**Instructions for the task**
Without including any image, repeat every record exactly.

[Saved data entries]
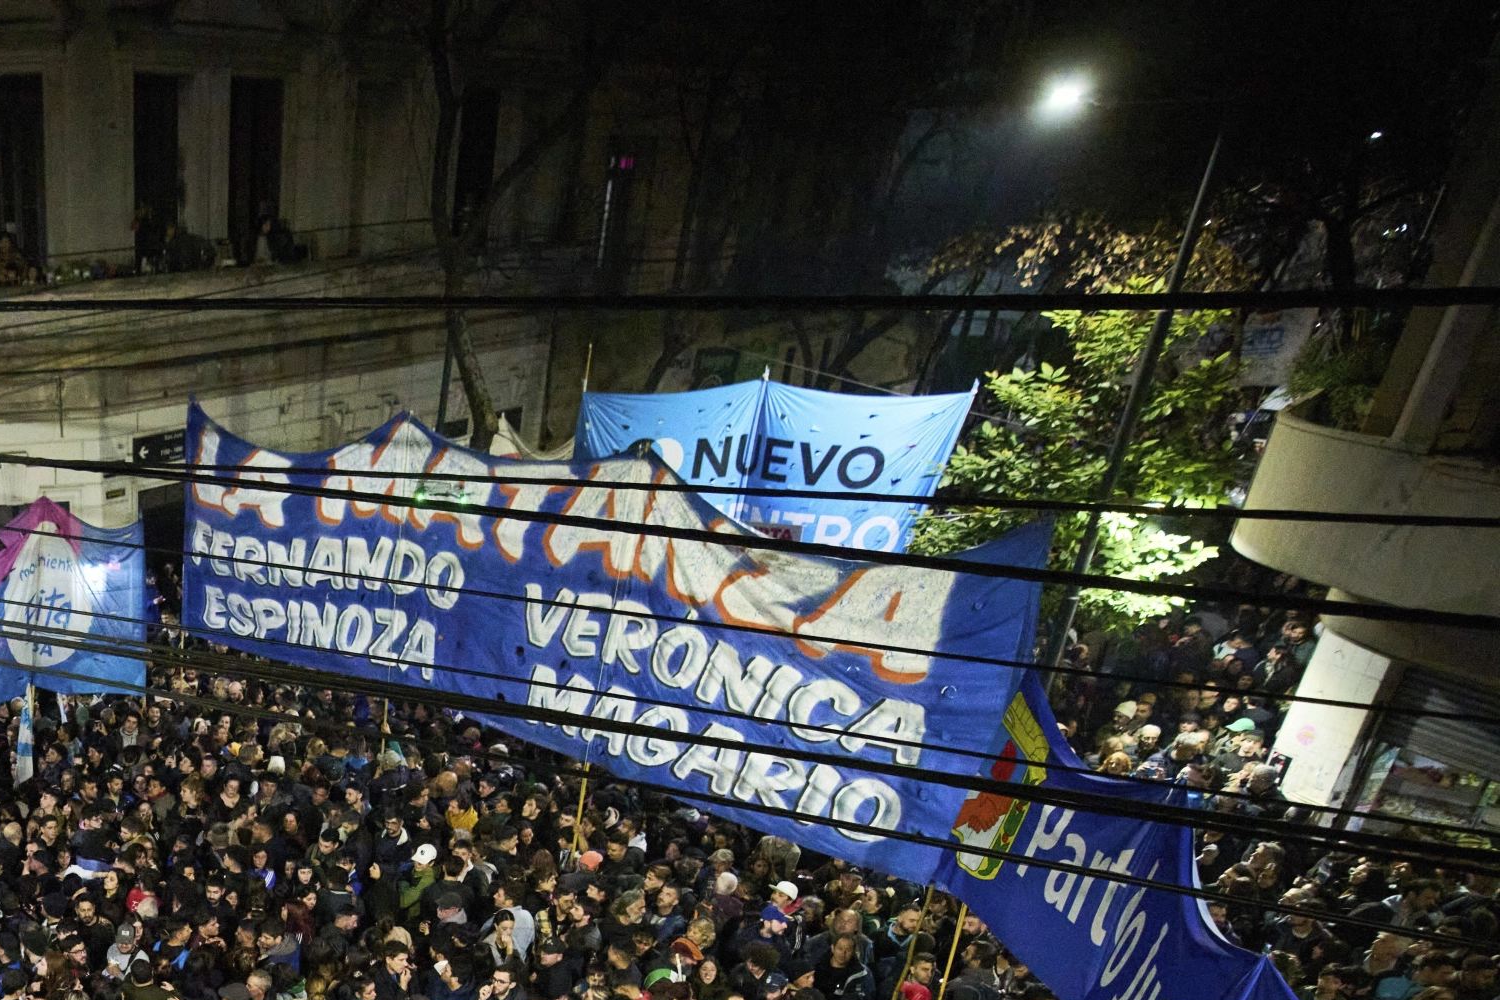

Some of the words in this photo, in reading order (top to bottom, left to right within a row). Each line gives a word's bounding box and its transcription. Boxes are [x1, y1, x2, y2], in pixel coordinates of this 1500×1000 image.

[691, 433, 886, 490] NUEVO
[192, 424, 292, 528] LA
[317, 416, 959, 684] MATANZA
[192, 519, 464, 610] FERNANDO
[203, 582, 436, 682] ESPINOZA
[525, 582, 929, 769] VERÓNICA
[528, 662, 905, 843] MAGARIO
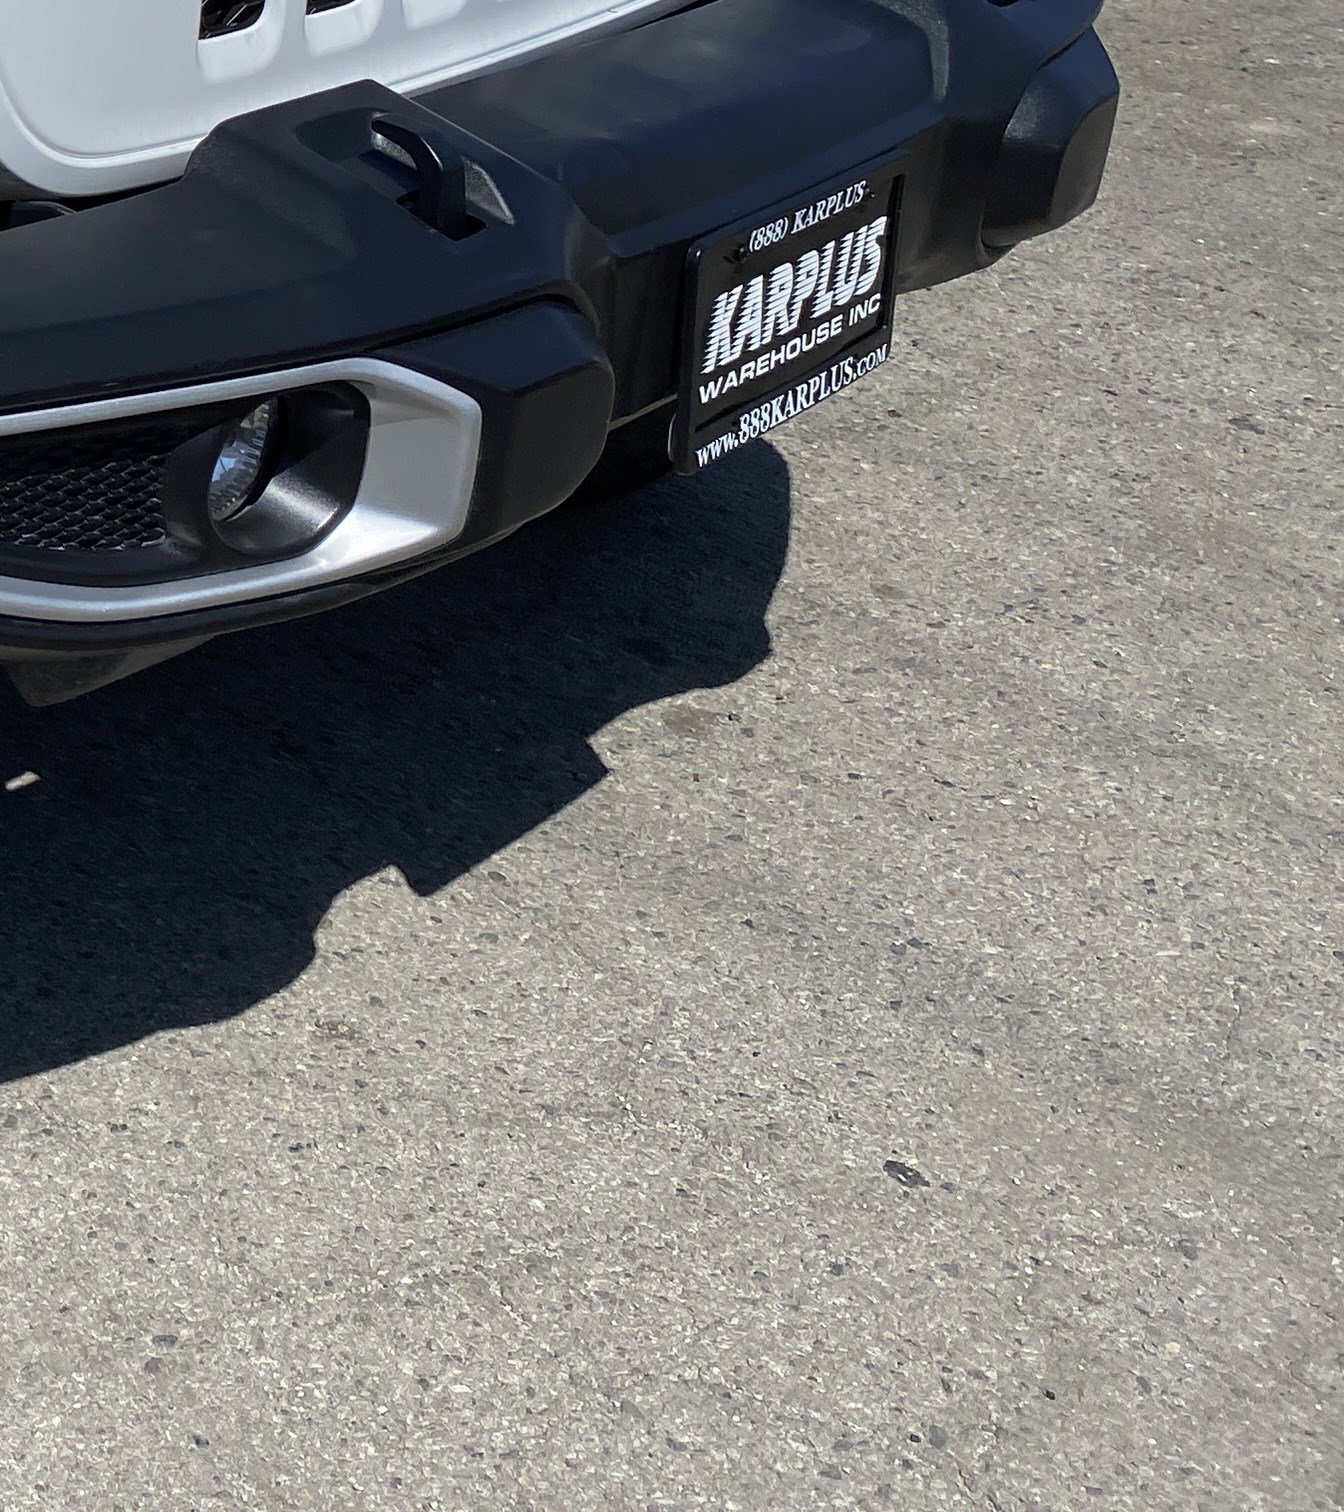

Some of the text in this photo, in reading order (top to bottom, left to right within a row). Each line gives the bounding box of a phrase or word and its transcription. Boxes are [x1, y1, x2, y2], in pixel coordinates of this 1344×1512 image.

[748, 179, 867, 253] (888) KARPLUS
[699, 293, 881, 405] WAREHOUSE INC
[701, 215, 888, 375] KARPLUS

**Output for this task**
Some of the words in this photo, in reading order (top to bottom, left to right within a row). Each line gives a word's bounding box and its transcription. Boxes are [x1, y1, x2, y2], in pixel coordinates of this 1500×1000 image.

[691, 433, 886, 490] NUEVO
[192, 424, 292, 528] LA
[317, 416, 959, 684] MATANZA
[192, 519, 464, 610] FERNANDO
[203, 582, 436, 682] ESPINOZA
[525, 582, 929, 769] VERÓNICA
[528, 662, 905, 843] MAGARIO

Some of the text in this photo, in reading order (top to bottom, left to right within a row). Each line gives the bounding box of a phrase or word and its transcription. Boxes are [x1, y1, x2, y2], in pixel coordinates of this 1344×1512 image.

[748, 179, 867, 253] (888) KARPLUS
[699, 293, 881, 405] WAREHOUSE INC
[701, 215, 888, 375] KARPLUS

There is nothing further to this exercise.